§ **INSTRUCTIONS TO FOLLOW**
The answer should consist of all the records, written out word for word.

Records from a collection
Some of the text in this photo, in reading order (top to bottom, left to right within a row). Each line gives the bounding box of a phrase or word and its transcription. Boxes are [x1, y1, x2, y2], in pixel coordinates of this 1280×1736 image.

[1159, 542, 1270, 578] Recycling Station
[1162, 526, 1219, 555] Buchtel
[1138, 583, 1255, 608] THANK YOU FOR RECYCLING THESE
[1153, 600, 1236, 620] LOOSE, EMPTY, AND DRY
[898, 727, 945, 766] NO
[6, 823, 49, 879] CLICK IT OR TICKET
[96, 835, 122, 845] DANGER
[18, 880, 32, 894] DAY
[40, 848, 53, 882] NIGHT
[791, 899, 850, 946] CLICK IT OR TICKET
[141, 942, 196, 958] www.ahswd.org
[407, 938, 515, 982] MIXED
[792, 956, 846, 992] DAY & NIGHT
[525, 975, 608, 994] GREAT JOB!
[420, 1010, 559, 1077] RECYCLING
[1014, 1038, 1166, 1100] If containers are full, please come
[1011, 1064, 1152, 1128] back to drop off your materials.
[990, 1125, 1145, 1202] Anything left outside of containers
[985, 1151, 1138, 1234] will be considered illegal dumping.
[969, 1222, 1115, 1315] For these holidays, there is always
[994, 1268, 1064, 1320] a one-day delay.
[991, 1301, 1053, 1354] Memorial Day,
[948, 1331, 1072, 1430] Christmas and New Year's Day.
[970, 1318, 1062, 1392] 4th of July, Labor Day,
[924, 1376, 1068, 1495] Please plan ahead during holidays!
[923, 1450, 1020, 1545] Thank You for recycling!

§ **ANSWER SECTION**
Some of the text in this photo, in reading order (top to bottom, left to right within a row). Each line gives the bounding box of a phrase or word and its transcription. Boxes are [x1, y1, x2, y2], in pixel coordinates of this 1280×1736 image.

[1159, 542, 1270, 578] Recycling Station
[1162, 526, 1219, 555] Buchtel
[1138, 583, 1255, 608] THANK YOU FOR RECYCLING THESE
[1153, 600, 1236, 620] LOOSE, EMPTY, AND DRY
[898, 727, 945, 766] NO
[6, 823, 49, 879] CLICK IT OR TICKET
[96, 835, 122, 845] DANGER
[18, 880, 32, 894] DAY
[40, 848, 53, 882] NIGHT
[791, 899, 850, 946] CLICK IT OR TICKET
[141, 942, 196, 958] www.ahswd.org
[407, 938, 515, 982] MIXED
[792, 956, 846, 992] DAY & NIGHT
[525, 975, 608, 994] GREAT JOB!
[420, 1010, 559, 1077] RECYCLING
[1014, 1038, 1166, 1100] If containers are full, please come
[1011, 1064, 1152, 1128] back to drop off your materials.
[990, 1125, 1145, 1202] Anything left outside of containers
[985, 1151, 1138, 1234] will be considered illegal dumping.
[969, 1222, 1115, 1315] For these holidays, there is always
[994, 1268, 1064, 1320] a one-day delay.
[991, 1301, 1053, 1354] Memorial Day,
[948, 1331, 1072, 1430] Christmas and New Year's Day.
[970, 1318, 1062, 1392] 4th of July, Labor Day,
[924, 1376, 1068, 1495] Please plan ahead during holidays!
[923, 1450, 1020, 1545] Thank You for recycling!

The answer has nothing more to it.